SARS-CoV-induced epithelial Calu-3 cell cytokines enhance the expression of CD40 and CD86 molecules on the surface of cultured DC. MO-derived DC were subjected to incubation with 50% of basolateral supernatants derived from either mock- or SARS-CoV-infected Calu-3 cells for 3 days. DC cultured in RPMI 1640-10% FCS medium were included as an additional control. The expression of costimulatory molecules was evaluated by fluorescence-activated cell sorter analysis. Data presented are the histogram plots from fluorescence-activated cell sorter analysis of cultured DC, showing the enhanced expression of CD40 and CD86. Results presented are representative of four independent experiments using DC derived from different individuals.
FIG. 5.
FIG. 5.
Apical supernatant harvested from SARS-CoV-infected Calu-3 cells reduces the phagocytic activity of Mφ. Mφ cultured with the apical supernatants derived from mock- or SARS-CoV-infected Calu-3 cells, or RPMI 1640-10% FCS medium, for 3 days, as described for Fig. 2, were harvested, and their capacity to take up FITC-conjugated dextran sulfate was analyzed by fluorescence-activated cell sorter analysis as described in Materials and Methods.

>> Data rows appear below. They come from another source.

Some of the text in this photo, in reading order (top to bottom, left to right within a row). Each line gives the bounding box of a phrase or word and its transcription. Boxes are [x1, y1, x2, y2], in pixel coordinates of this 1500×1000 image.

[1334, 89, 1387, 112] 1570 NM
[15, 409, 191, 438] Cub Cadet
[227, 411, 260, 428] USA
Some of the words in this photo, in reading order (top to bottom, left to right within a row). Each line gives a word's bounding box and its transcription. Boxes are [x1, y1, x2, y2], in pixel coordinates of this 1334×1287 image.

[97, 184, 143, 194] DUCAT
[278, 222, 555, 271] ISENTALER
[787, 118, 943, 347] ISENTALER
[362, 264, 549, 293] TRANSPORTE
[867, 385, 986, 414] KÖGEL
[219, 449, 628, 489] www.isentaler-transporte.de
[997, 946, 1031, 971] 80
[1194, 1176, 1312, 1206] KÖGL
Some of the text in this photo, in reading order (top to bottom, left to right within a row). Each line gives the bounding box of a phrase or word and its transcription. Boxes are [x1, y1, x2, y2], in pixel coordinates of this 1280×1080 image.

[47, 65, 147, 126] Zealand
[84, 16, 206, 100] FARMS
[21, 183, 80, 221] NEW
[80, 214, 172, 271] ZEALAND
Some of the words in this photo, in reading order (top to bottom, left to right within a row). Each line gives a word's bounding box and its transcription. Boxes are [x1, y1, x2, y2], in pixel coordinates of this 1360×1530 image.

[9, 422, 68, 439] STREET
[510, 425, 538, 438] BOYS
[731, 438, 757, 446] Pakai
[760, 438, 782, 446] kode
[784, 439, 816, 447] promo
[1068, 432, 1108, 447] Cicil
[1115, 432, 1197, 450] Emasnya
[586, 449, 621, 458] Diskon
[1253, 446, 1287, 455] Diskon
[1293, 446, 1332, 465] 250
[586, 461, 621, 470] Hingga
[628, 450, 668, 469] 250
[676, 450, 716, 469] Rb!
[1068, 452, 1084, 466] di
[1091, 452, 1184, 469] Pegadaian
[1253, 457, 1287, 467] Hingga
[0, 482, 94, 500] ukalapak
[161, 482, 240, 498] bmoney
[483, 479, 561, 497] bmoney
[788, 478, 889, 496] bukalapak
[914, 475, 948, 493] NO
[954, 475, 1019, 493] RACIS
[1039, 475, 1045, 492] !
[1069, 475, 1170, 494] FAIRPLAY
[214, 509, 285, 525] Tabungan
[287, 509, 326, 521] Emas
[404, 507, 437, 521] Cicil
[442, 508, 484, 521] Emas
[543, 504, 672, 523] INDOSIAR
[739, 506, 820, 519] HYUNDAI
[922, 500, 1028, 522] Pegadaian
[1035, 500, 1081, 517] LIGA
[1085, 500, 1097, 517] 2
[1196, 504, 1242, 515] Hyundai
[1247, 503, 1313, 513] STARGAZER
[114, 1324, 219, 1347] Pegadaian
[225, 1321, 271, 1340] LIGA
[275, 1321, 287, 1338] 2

Results are representative of three independent experiments using Mφ derived from different individuals.
FIG. 6.
FIG. 6.
The intrinsic T-cell-priming ability of DC is significantly suppressed subsequent to their cultivation with the basolateral supernatant derived from SARS-CoV-infected, but not mock-infected, Calu-3 cells. Aliquots of MO-derived DC were subjected to activation with LPS (5 μg/ml) or live SARS-CoV (MOI = 1) or cultivation with 50% of the basolateral supernatants harvested from mock- or SARS-CoV-infected Calu-3 cells for a total of 3 days. These differentially treated DC were evaluated for their capacity to prime naïve CD4+ T cells in the standard one-way MLR assay, as described in Materials and Methods. The proliferation of allogeneic T cells was expressed as the average cpm ± SD for triplicate samples. Data shown are representative of three independent experiments using DC and naïve T cells derived from different individuals *, P < 0.05 from Student's t test, in which we compared culture with supernatants derived from infected versus mock-infected Calu-3 cells.
FIG. 7.
FIG. 7.
IL-6 and IL-8 are crucial SARS-CoV-induced Calu-3 cell cytokines responsible, in part, for inhibiting the ability of DC to prime naïve T cells. (A) Aliquots of DC were incubated with M-10 medium alone or 50% of SARS-CoV-induced Calu-3 cell cytokines in the presence of control Ab and specific neutralizing Abs against IL-6, IL-8, or IP-10. (B) Additionally, they were incubated with appropriate concentrations of recombinant IL-6, recombinant IL-8, or recombinant IP-10. After cultivation for 3 days, DC were harvested to assess their ability to stimulate proliferation of naïve T cells in a standard MLR. The capacity of differentially treated DC is presented as the percentage of that elicited by M-10 medium-cultured DC. One-way analysis of variance with Bonferroni's multiple-comparison test was used to determine the level of statistical significance. Data presented are representative of at least two independent experiments. Error bars indicate SDs.